A literature review with meta-analysis has shown that patients with primary headache disorders are often comorbid with depression, anxiety, sleep disorders, and fibromyalgia, and this finding was also observed in the present study [25]. 5.5% of individuals with migraine had comorbid fibromyalgia in our study, which is consistent with the findings (5.09%) of Patel et al. [26]. Additionally, previous study demonstrated that migraine is a triggering factor for fibromyalgia, suggesting that in individuals with migraine we should screen for the co-existence of fibromyalgia [27]. Overall, it is the fact that primary headache sufferers are prone to comorbidities that makes it even more challenging to properly diagnose primary headache patients, which can be read as a litmus test of the ability to correctly diagnose primary headaches.

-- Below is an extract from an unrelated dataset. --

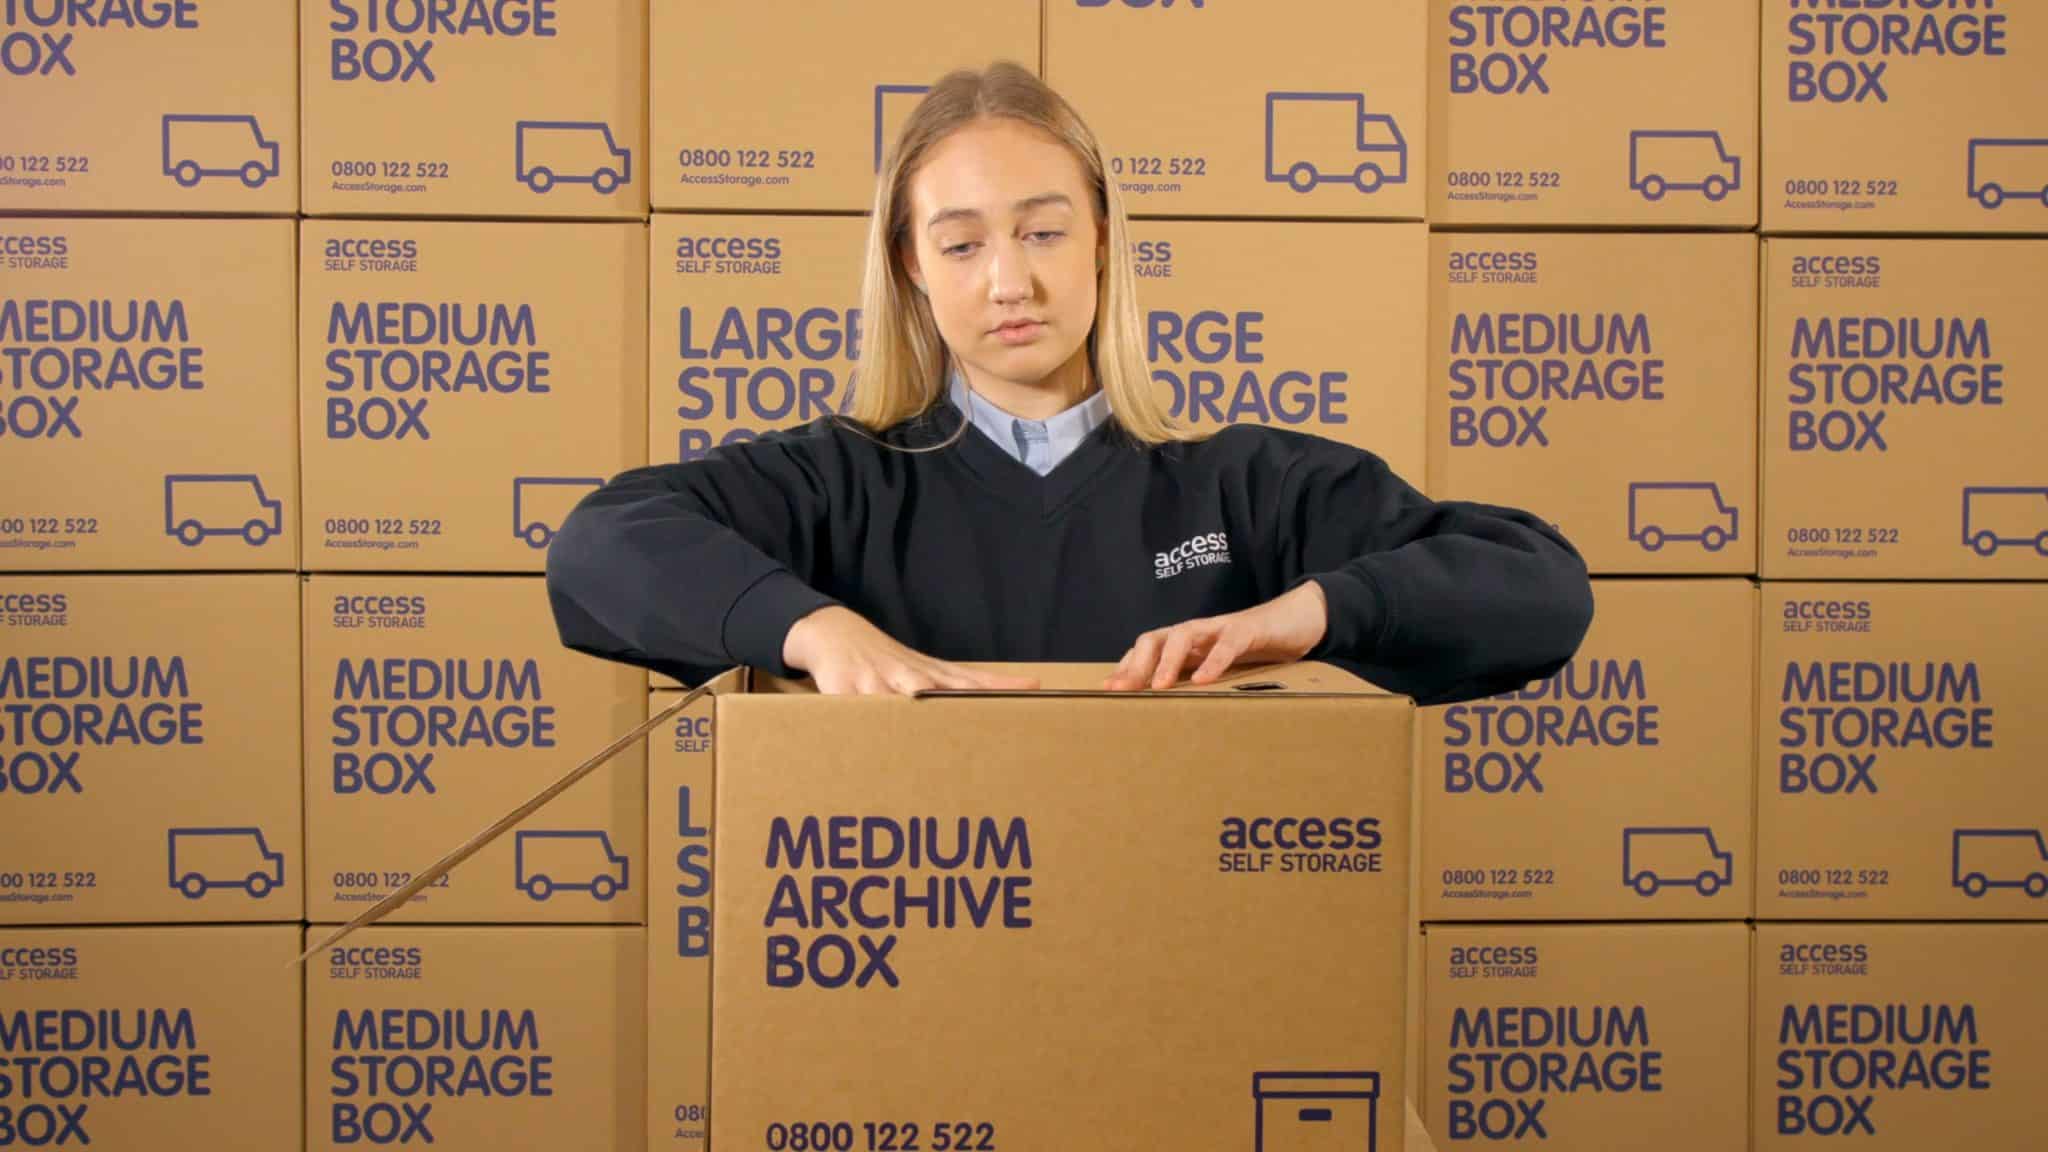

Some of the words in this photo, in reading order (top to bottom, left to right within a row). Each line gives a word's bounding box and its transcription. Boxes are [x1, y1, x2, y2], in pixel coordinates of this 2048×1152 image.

This study exhibits multiple noteworthy strengths, including its large sample size and multicenter design. Additionally, the ICHD-3 version was adapted to aid in diagnosing primary headache disorders. Nevertheless, several limitations require consideration. Firstly, the exclusive study of hospital patients may lead to biased results and limited generalizability. Secondly, diagnosis focusing on the most troublesome headache features may neglect to co-occur primary headache disorders. Thirdly, the obtained data regarding previous diagnoses and preventative treatments were participants to self-reporting, which can lead to recall bias. Fourth, we did not analysis further the factors affecting delayed diagnosis and the duration of delayed diagnosis. The headache questionnaire used in the SEARCH study was a reference to previous questionnaires investigating the burden of headache in China [4, 5, 28]. Moreover, the SEARCH study was not specifically designed to address the current state of primary headache disorders care in China, and therefore did not collect information that affects the correct diagnosis of primary headache and the duration of diagnostic delay. Finally, the classification of previous headache diagnoses in this study was not based on the International Headache Classification, but on the diagnostic classification used in previous study in China [4]. Therefore, the classification of previous headache diagnoses cannot be generalized to other countries.

Conclusions

Our study’s findings indicate that primary headache disorders are frequently misdiagnosed and inadequately treated, pointing to insufficient use of ICHD guidelines and other diagnostic and clinical management protocols in China. These results highlight the pressing need for sustained campaigns and educational efforts worldwide to improve the diagnosis and treatment of primary headache disorders.